Instructions for the task: Repeat the data that follows, word for word, without the images.
*** Opening of Input data ***
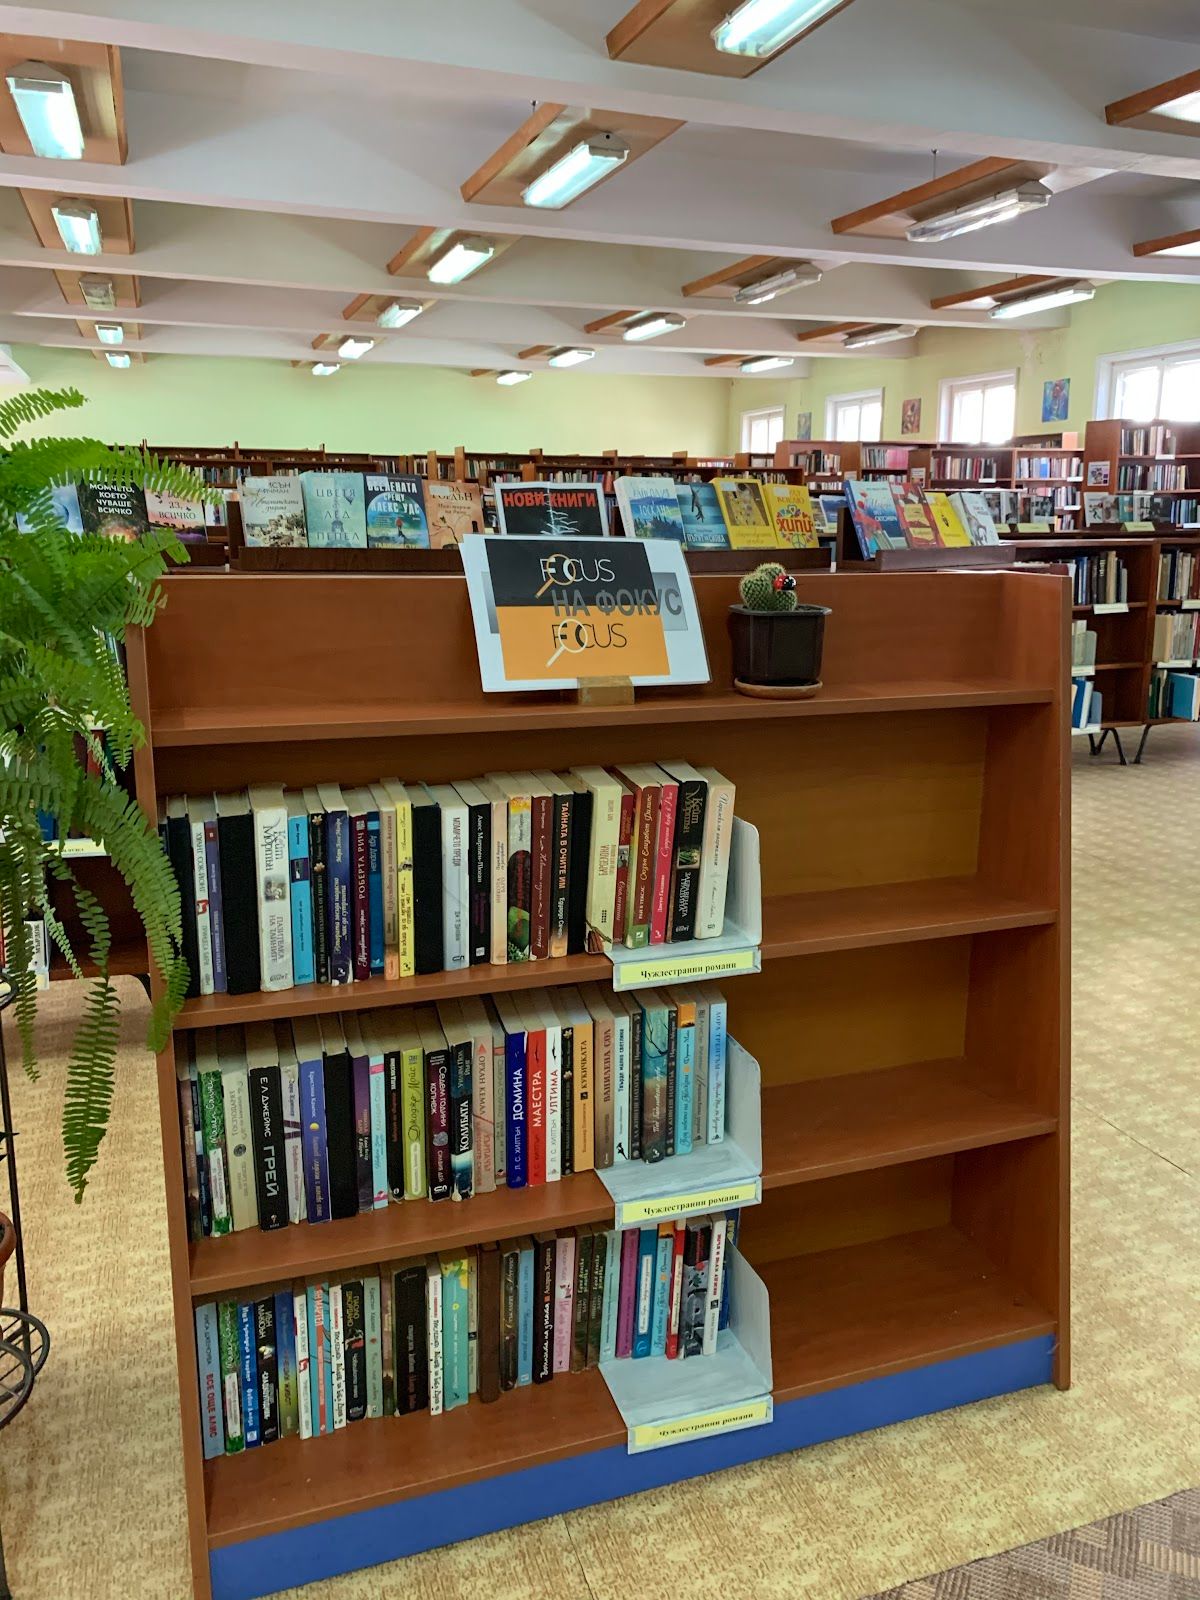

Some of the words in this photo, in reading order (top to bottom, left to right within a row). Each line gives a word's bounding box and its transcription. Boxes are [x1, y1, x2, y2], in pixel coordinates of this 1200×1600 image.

[96, 499, 131, 507] ЧУВАШЕ
[98, 506, 132, 515] ВСИЧКО
[371, 502, 398, 512] АЛЕКС
[504, 493, 545, 507] НОВИ
[550, 493, 595, 508] КНИГИ
[159, 511, 195, 520] ВСИЧКО
[540, 557, 615, 582] FOCUS
[552, 590, 590, 616] НА
[595, 588, 682, 616] ФОКУС
[552, 622, 627, 648] FOCUS
[560, 802, 569, 837] ТАЙНАТА
[692, 798, 703, 823] Кейт
[273, 830, 286, 860] Кейт
[357, 832, 365, 851] РИЧ
[452, 818, 460, 847] МОМИЧЕТО
[261, 825, 274, 871] Мортън
[559, 848, 567, 873] ОЧИТЕ
[358, 856, 366, 899] РОБЕРТА
[559, 877, 566, 888] ИМ
[269, 915, 277, 925] НА
[276, 917, 284, 959] ПАЗИТЕЛКА
[641, 962, 702, 979] Чуждестранни
[705, 961, 736, 974] романи
[438, 1067, 447, 1096] Седем
[478, 1056, 486, 1084] ОРХАН
[430, 1083, 438, 1115] копнеж
[512, 1068, 523, 1120] ДОМИНА
[532, 1071, 542, 1127] МАЕСТРА
[550, 1070, 558, 1115] УЛТИМА
[261, 1095, 271, 1137] ДЖЕЙМС
[439, 1098, 447, 1127] години
[459, 1100, 469, 1151] КОЛИБАТА
[263, 1146, 279, 1196] ГРЕЙ
[644, 1198, 706, 1216] Чуждестранни
[708, 1193, 740, 1207] романи
[206, 1374, 214, 1391] ВСЕ
[206, 1393, 215, 1413] ОЩЕ
[209, 1416, 217, 1438] АЛИС
[660, 1420, 720, 1436] Чуждестранни
[723, 1412, 754, 1426] романи
*** Close of Input data ***
Written solution:
Some of the words in this photo, in reading order (top to bottom, left to right within a row). Each line gives a word's bounding box and its transcription. Boxes are [x1, y1, x2, y2], in pixel coordinates of this 1200×1600 image.

[96, 499, 131, 507] ЧУВАШЕ
[98, 506, 132, 515] ВСИЧКО
[371, 502, 398, 512] АЛЕКС
[504, 493, 545, 507] НОВИ
[550, 493, 595, 508] КНИГИ
[159, 511, 195, 520] ВСИЧКО
[540, 557, 615, 582] FOCUS
[552, 590, 590, 616] НА
[595, 588, 682, 616] ФОКУС
[552, 622, 627, 648] FOCUS
[560, 802, 569, 837] ТАЙНАТА
[692, 798, 703, 823] Кейт
[273, 830, 286, 860] Кейт
[357, 832, 365, 851] РИЧ
[452, 818, 460, 847] МОМИЧЕТО
[261, 825, 274, 871] Мортън
[559, 848, 567, 873] ОЧИТЕ
[358, 856, 366, 899] РОБЕРТА
[559, 877, 566, 888] ИМ
[269, 915, 277, 925] НА
[276, 917, 284, 959] ПАЗИТЕЛКА
[641, 962, 702, 979] Чуждестранни
[705, 961, 736, 974] романи
[438, 1067, 447, 1096] Седем
[478, 1056, 486, 1084] ОРХАН
[430, 1083, 438, 1115] копнеж
[512, 1068, 523, 1120] ДОМИНА
[532, 1071, 542, 1127] МАЕСТРА
[550, 1070, 558, 1115] УЛТИМА
[261, 1095, 271, 1137] ДЖЕЙМС
[439, 1098, 447, 1127] години
[459, 1100, 469, 1151] КОЛИБАТА
[263, 1146, 279, 1196] ГРЕЙ
[644, 1198, 706, 1216] Чуждестранни
[708, 1193, 740, 1207] романи
[206, 1374, 214, 1391] ВСЕ
[206, 1393, 215, 1413] ОЩЕ
[209, 1416, 217, 1438] АЛИС
[660, 1420, 720, 1436] Чуждестранни
[723, 1412, 754, 1426] романи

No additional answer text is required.